Es el neoliberalismo en versión samaritana. Su encarnación jupiterina es Enmanuel Macron (Foto grande que preside este artículo). Macronia es el gran punto de encuentro de las burguesías de izquierda y de derecha, el condensado residual de los lugares comunes del sistema. “No todo el mundo tendrá éxito de la misma manera, esa promesa es insostenible”, nos dice Macron. De lo que se trata por tanto es de “ayudar a los que tienen éxito, al tiempo que se protege a los que fracasan para que no caigan en la desesperación” (la gente sin nada que perder es peligrosa para el orden social).[7] La obsesión con “las reformas” (orgasmo neoliberal por excelencia) pone el énfasis en el éxito individual, mientras el aspecto asistencial se desarrolla en conceptos como el de “flexi-seguridad”: la mayor facilidad de despedir compensada con indemnizaciones generosas. El Credo de Macronia tiene un sólo mandamiento: no caerás en el inmovilismo y asegurarás la movilidad de las personas. ¡La República en Marcha!, marchar y marchar siempre, aunque no se sepa dónde. La flexibilidad, la adaptabilidad, la rapidez y la rentabilidad (las “reformas”) son los imperativos de la globalización, las vías reales para la emancipación individual. Mitología progresista para clases medias.

¿Capitalismo postburgués y postproletario?

Señalábamos arriba que, según el gran relato de la globalización feliz, el modo de producción capitalista no tiene su fundamento en la división entre burgueses y proletarios, sino en la formación de una clase media global de consumidores.

Decía Constanzo Preve que mientras el capitalismo repose sobre la división en dos clases, será siempre frágil y vulnerable. Por eso su lógica tiende a la superación de ese antagonismo. La forma más acabada y verdadera del capitalismo es, por lo tanto, la de un “capitalismo sin clases”. Pero ese “proceso grandioso” –el paso de un capitalismo clasista a uno sin clases–  no significa, de ningún modo, que las diferencias colectivas de riqueza, de saber, de educación y de poder vayan a disminuir. Todo lo contrario, las diferencias tienden a aumentar. Para entender esta contradicción aparente hay que aclarar qué entendemos aquí por “clase social”.

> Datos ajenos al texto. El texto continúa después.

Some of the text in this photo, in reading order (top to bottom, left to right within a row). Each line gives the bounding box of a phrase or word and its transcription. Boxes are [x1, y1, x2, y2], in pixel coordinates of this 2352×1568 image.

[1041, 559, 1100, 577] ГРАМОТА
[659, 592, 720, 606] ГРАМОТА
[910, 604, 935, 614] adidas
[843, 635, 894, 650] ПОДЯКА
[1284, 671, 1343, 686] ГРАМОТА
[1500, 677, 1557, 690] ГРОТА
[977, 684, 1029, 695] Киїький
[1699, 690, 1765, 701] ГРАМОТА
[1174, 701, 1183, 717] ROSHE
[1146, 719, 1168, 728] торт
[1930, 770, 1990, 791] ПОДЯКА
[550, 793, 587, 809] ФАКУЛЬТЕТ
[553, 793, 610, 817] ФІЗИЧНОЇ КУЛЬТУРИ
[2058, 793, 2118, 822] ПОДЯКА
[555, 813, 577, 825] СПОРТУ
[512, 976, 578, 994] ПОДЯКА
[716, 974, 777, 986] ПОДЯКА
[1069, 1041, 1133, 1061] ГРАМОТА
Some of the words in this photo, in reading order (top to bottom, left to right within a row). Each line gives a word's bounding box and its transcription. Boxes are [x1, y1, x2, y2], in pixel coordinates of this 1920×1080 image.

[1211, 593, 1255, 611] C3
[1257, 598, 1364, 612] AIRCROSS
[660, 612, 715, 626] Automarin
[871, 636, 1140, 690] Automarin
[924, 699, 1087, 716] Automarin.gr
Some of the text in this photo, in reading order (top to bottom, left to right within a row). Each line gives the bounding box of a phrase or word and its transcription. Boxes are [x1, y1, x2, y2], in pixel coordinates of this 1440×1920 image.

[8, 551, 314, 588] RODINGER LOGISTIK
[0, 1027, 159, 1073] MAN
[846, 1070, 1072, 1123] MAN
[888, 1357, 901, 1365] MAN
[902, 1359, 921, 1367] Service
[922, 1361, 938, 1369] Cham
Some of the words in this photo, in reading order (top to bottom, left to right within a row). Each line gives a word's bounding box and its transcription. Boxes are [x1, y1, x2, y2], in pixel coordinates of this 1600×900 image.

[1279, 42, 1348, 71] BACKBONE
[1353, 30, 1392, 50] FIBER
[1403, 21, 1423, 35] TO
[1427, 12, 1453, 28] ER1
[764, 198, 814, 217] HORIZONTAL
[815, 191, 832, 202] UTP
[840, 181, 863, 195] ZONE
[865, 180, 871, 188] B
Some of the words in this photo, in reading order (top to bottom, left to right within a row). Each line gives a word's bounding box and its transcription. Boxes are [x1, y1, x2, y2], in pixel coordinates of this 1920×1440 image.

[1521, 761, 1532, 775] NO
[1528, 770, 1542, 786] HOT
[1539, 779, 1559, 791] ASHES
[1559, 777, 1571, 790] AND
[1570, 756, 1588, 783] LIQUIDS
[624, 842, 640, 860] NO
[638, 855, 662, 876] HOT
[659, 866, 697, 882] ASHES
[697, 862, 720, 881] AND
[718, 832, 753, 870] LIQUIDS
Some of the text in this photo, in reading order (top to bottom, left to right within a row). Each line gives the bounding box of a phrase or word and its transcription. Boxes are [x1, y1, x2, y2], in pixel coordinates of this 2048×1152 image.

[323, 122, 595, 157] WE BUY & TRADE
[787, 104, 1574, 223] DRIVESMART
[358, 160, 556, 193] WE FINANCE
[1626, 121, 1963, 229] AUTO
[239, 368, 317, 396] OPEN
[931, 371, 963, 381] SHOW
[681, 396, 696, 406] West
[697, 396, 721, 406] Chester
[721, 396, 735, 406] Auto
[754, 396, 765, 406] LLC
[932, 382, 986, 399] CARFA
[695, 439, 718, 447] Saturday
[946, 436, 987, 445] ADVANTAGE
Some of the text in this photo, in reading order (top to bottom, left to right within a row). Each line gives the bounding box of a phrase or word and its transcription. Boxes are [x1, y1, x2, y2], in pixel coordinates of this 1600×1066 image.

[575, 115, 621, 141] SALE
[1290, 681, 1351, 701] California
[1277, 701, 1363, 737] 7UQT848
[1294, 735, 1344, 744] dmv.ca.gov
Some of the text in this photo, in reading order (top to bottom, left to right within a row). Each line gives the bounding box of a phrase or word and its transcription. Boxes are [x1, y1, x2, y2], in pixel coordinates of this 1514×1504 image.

¿Qué define a una clase social: los recursos materiales o la “conciencia de clase”? Para Constanzo Prevé, las diferencias puramente cuantificables (la propiedad de los medios de producción, la riqueza, etcétera) no son suficientes, por sí solas, para conformar una clase social. Este concepto se remite a todo un tejido de “realidades históricas ordenadas según parámetros económicos, políticos, culturales, ideológicos, literarios, musicales, sexuales, etc.”. En resumen: a parámetros no sólo económicos sino también culturales. Algo que es evidente si observamos a la “burguesía” y al “proletariado” tradicionales. Pero esa burguesía y proletariado tradicionales tienden a desaparecer, o ya han desaparecido del todo. Se supone que han sido subsumidos en esa global middle class de cultura masificada y vulgar. ¿Vivimos entonces en un capitalismo postburgués y postproletario?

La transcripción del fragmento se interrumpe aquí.